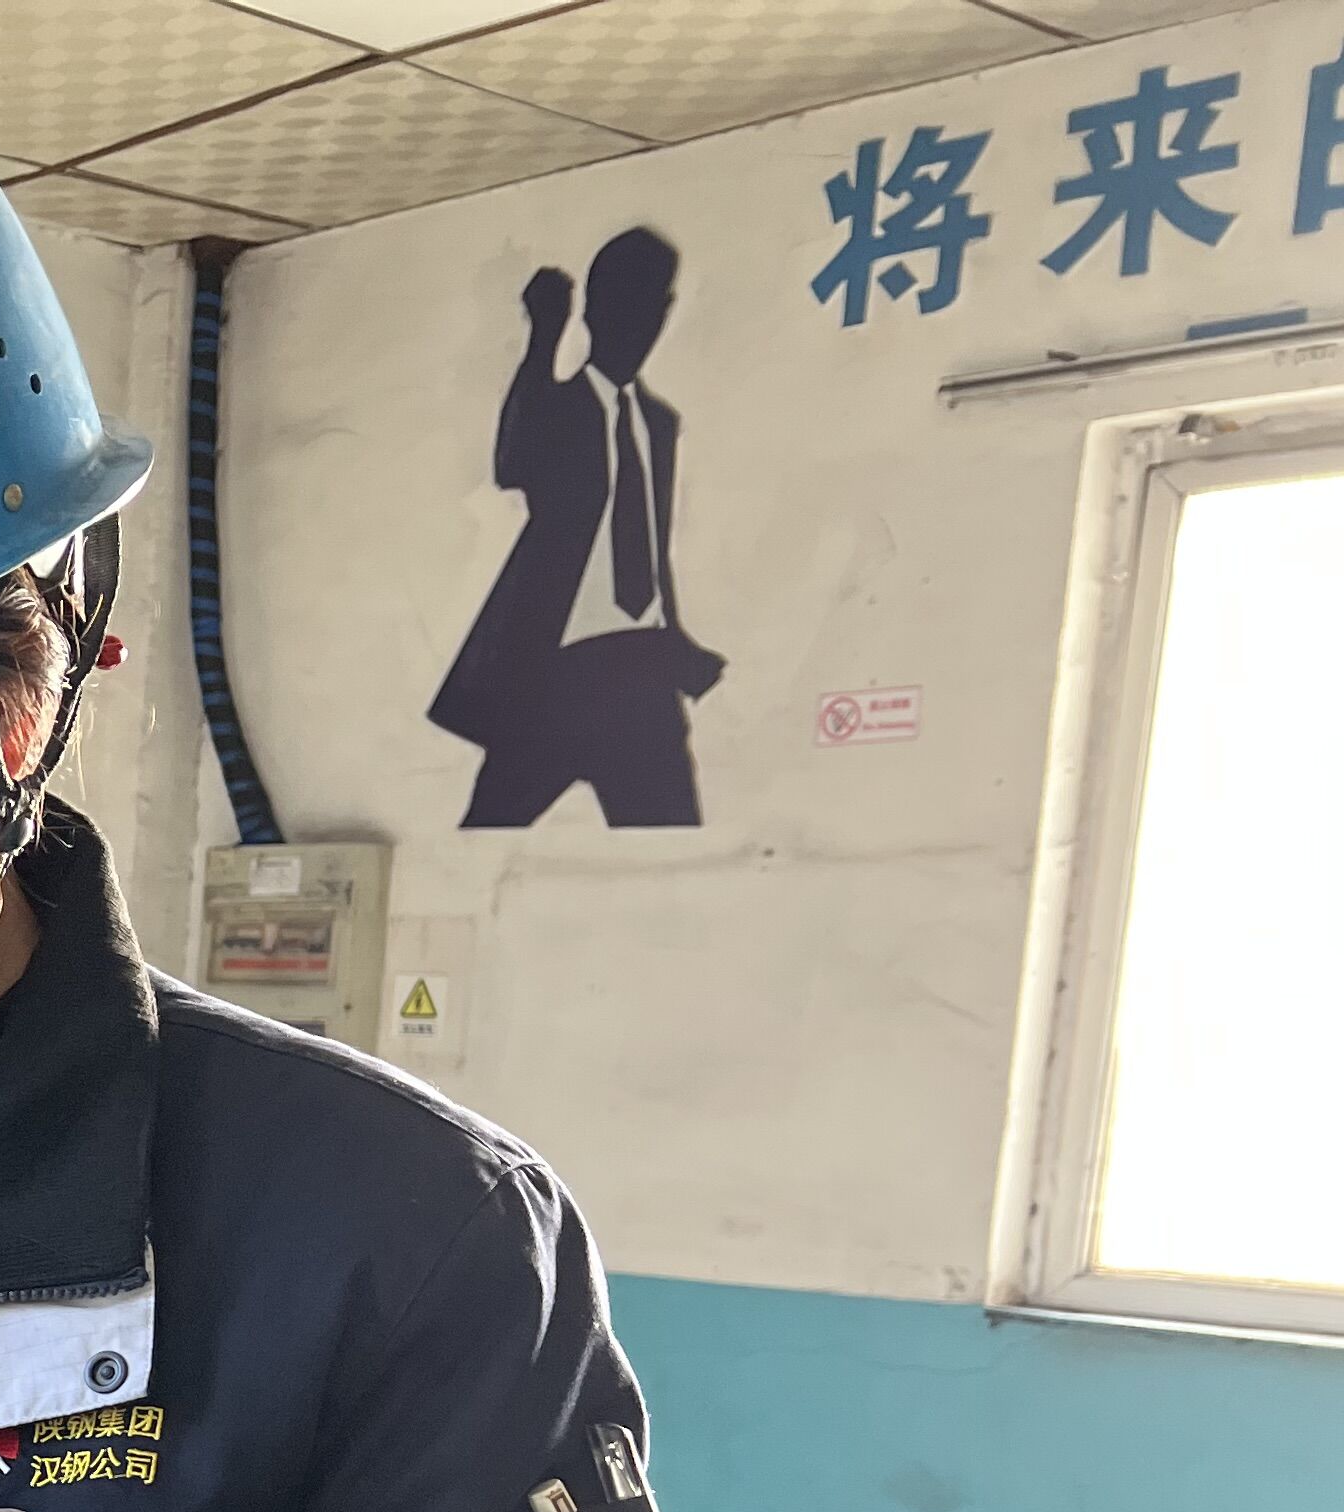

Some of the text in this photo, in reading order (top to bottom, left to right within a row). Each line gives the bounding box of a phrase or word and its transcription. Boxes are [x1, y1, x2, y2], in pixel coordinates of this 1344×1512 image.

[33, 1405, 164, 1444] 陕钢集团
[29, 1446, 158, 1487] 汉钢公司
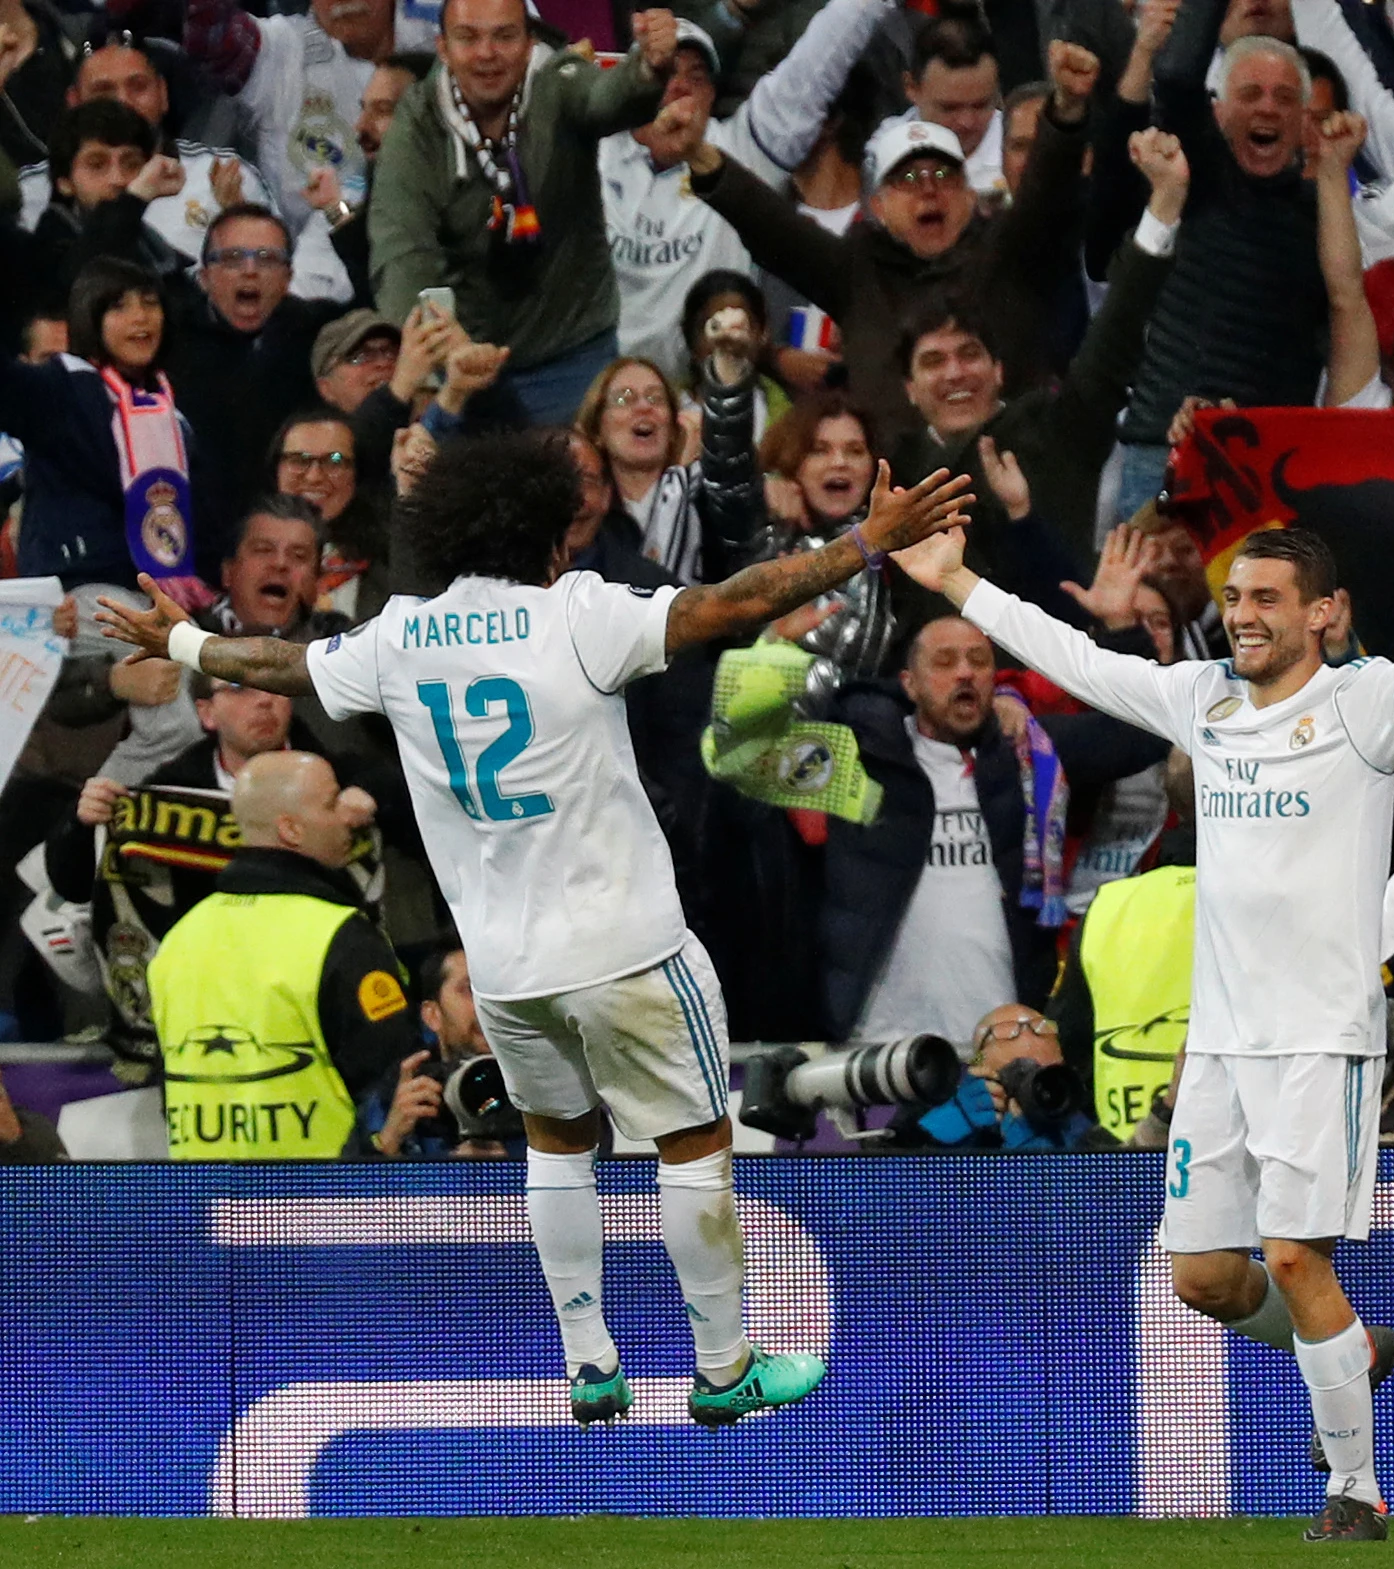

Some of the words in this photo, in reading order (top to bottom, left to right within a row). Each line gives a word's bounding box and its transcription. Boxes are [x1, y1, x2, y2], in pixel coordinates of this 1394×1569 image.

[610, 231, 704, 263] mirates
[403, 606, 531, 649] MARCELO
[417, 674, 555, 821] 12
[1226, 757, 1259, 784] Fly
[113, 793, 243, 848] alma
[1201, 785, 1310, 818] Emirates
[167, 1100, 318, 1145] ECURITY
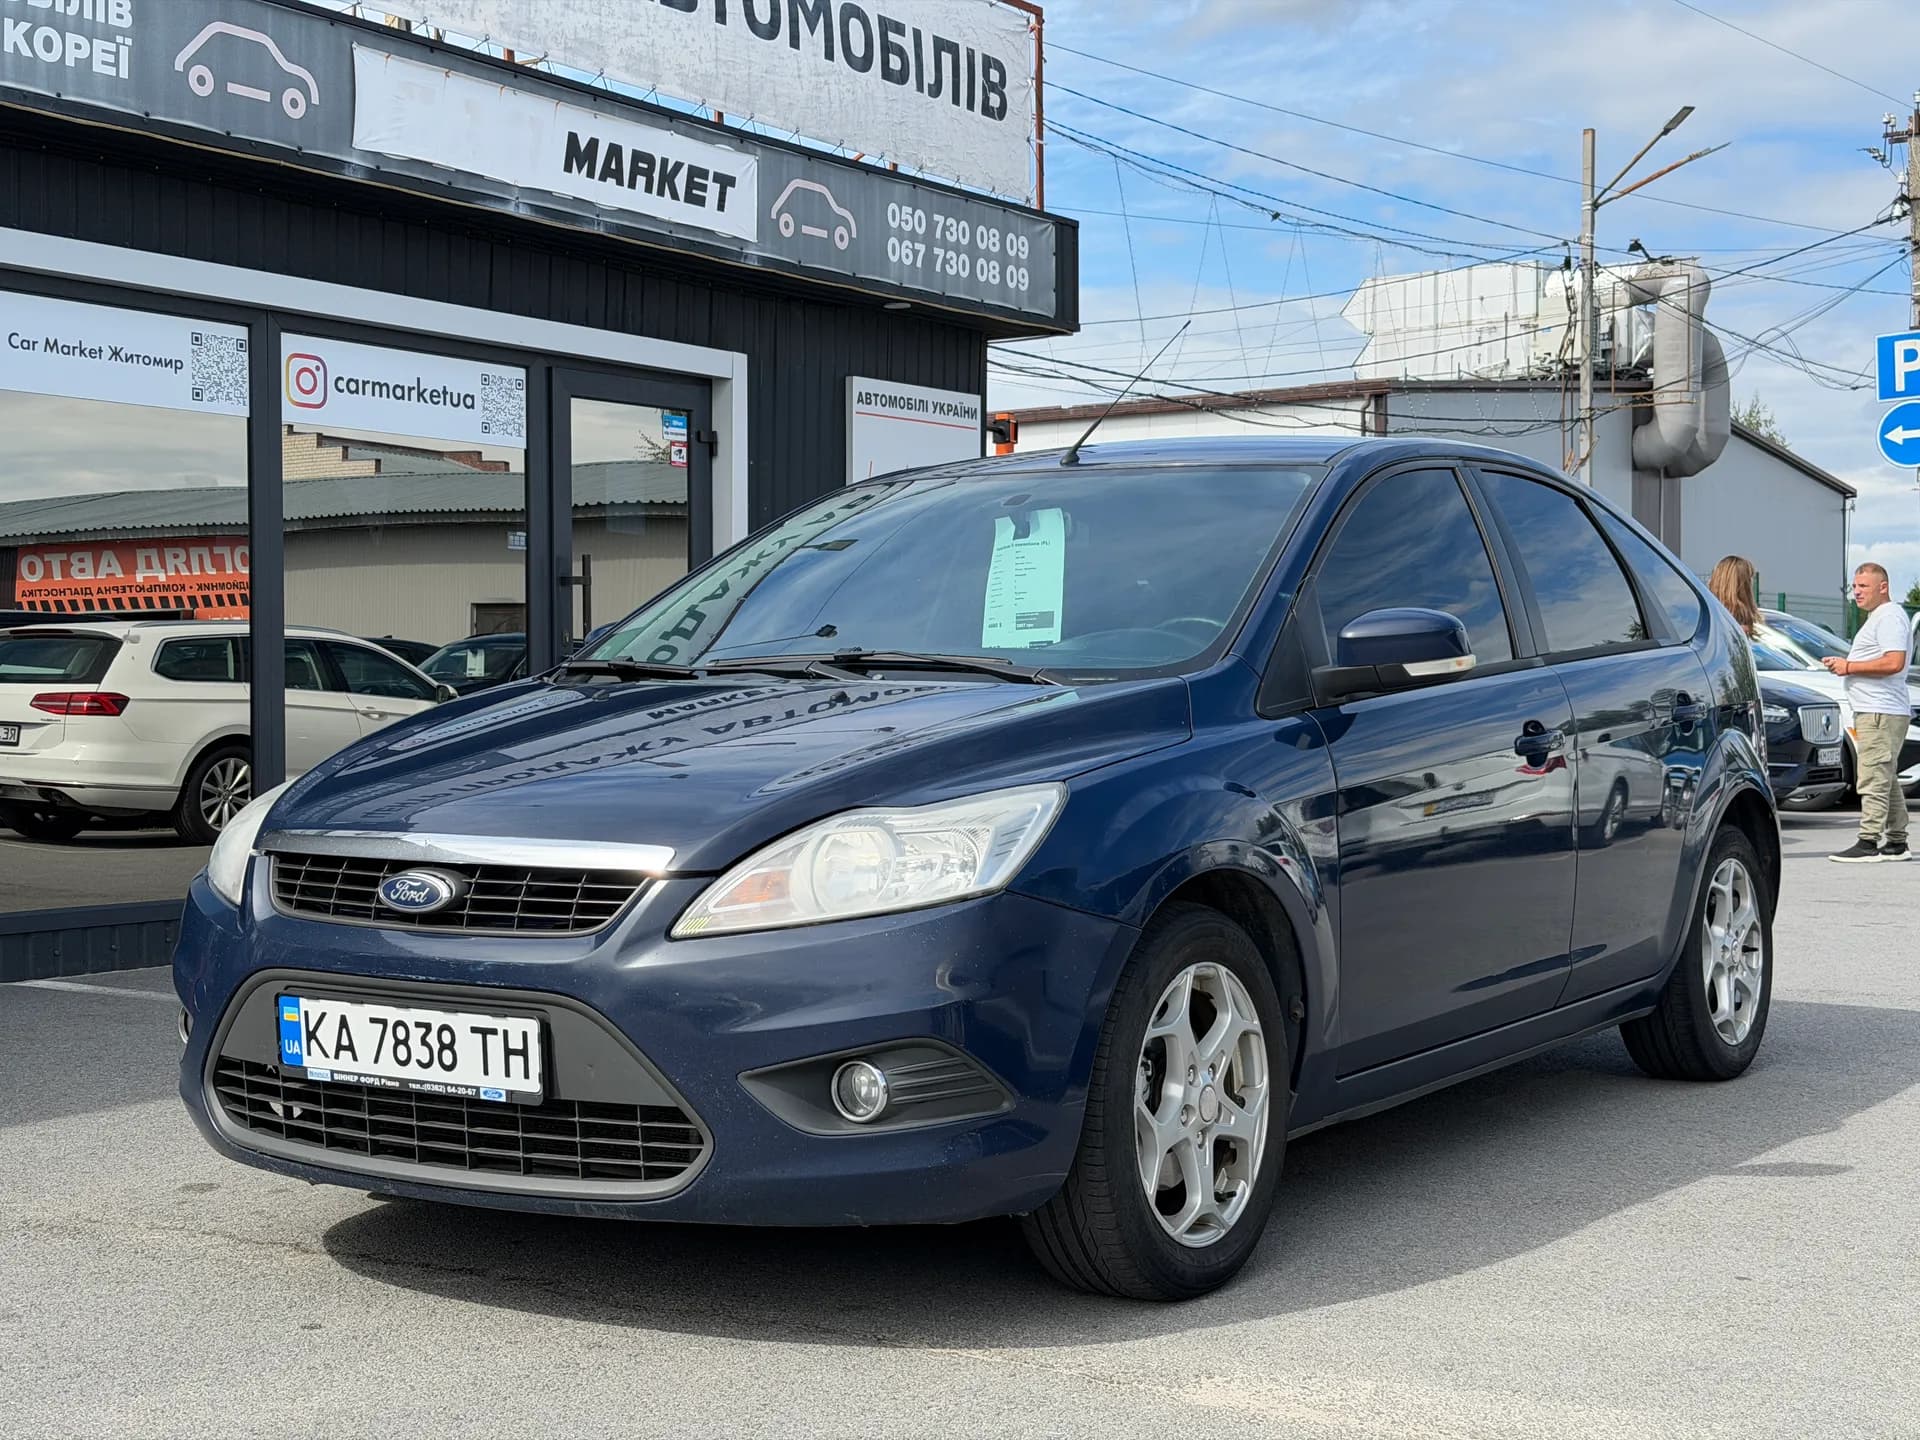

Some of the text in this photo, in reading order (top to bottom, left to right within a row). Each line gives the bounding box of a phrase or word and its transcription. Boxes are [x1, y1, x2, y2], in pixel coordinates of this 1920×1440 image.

· · · · ·

▶ _Activity_
All of the listing is to be written out exactly, with the pictures left out.

▶ _Solution to the exercise_
Some of the text in this photo, in reading order (top to bottom, left to right within a row). Each line gives the bounding box of a phrase or word and its transcription. Boxes are [x1, y1, x2, y2], in pixel coordinates of this 1344×1512 image.

[33, 1405, 164, 1444] 陕钢集团
[29, 1446, 158, 1487] 汉钢公司

Some of the words in this photo, in reading order (top to bottom, left to right within a row). Each line gives a word's bounding box and its transcription. Boxes are [x1, y1, x2, y2], in pixel coordinates of this 1394×1569 image.

[610, 231, 704, 263] mirates
[403, 606, 531, 649] MARCELO
[417, 674, 555, 821] 12
[1226, 757, 1259, 784] Fly
[113, 793, 243, 848] alma
[1201, 785, 1310, 818] Emirates
[167, 1100, 318, 1145] ECURITY

Some of the text in this photo, in reading order (top to bottom, left to right within a row). Each line gives the bounding box of a phrase or word and its transcription. Boxes are [x1, y1, x2, y2], in pixel coordinates of this 1920×1440 image.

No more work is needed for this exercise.